======== Supplied material ========
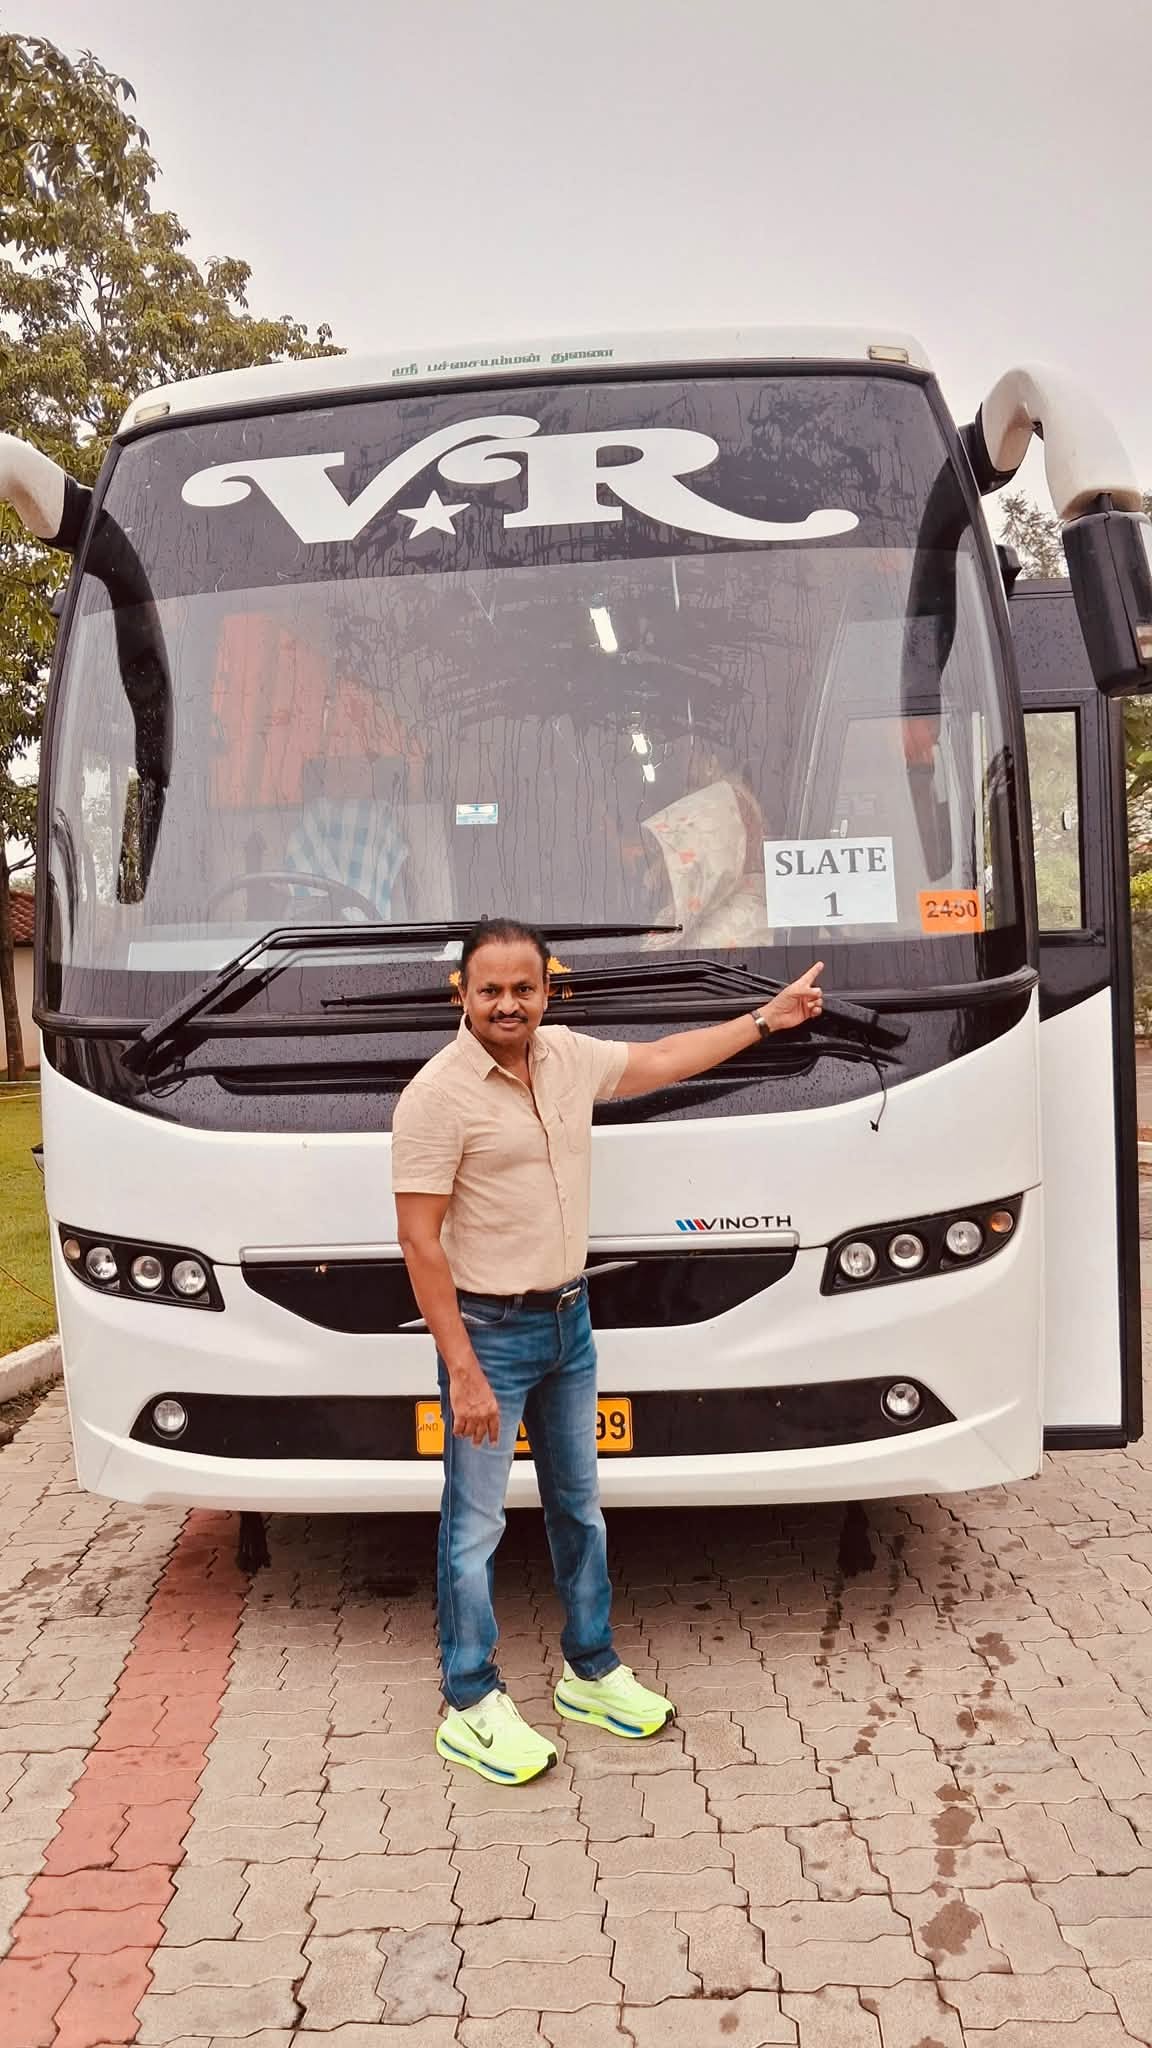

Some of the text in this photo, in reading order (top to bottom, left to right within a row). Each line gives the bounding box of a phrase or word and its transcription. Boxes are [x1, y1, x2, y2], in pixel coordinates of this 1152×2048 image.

[551, 349, 613, 363] துணை
[776, 847, 887, 876] SLATE
[823, 892, 843, 917] 1
[700, 1215, 791, 1230] VINOTH
========
### Problem to work on
Transcribe the material exactly, keeping every word and none of the pictures.

### Final answer
Some of the text in this photo, in reading order (top to bottom, left to right within a row). Each line gives the bounding box of a phrase or word and its transcription. Boxes are [x1, y1, x2, y2], in pixel coordinates of this 1152×2048 image.

[551, 349, 613, 363] துணை
[776, 847, 887, 876] SLATE
[823, 892, 843, 917] 1
[700, 1215, 791, 1230] VINOTH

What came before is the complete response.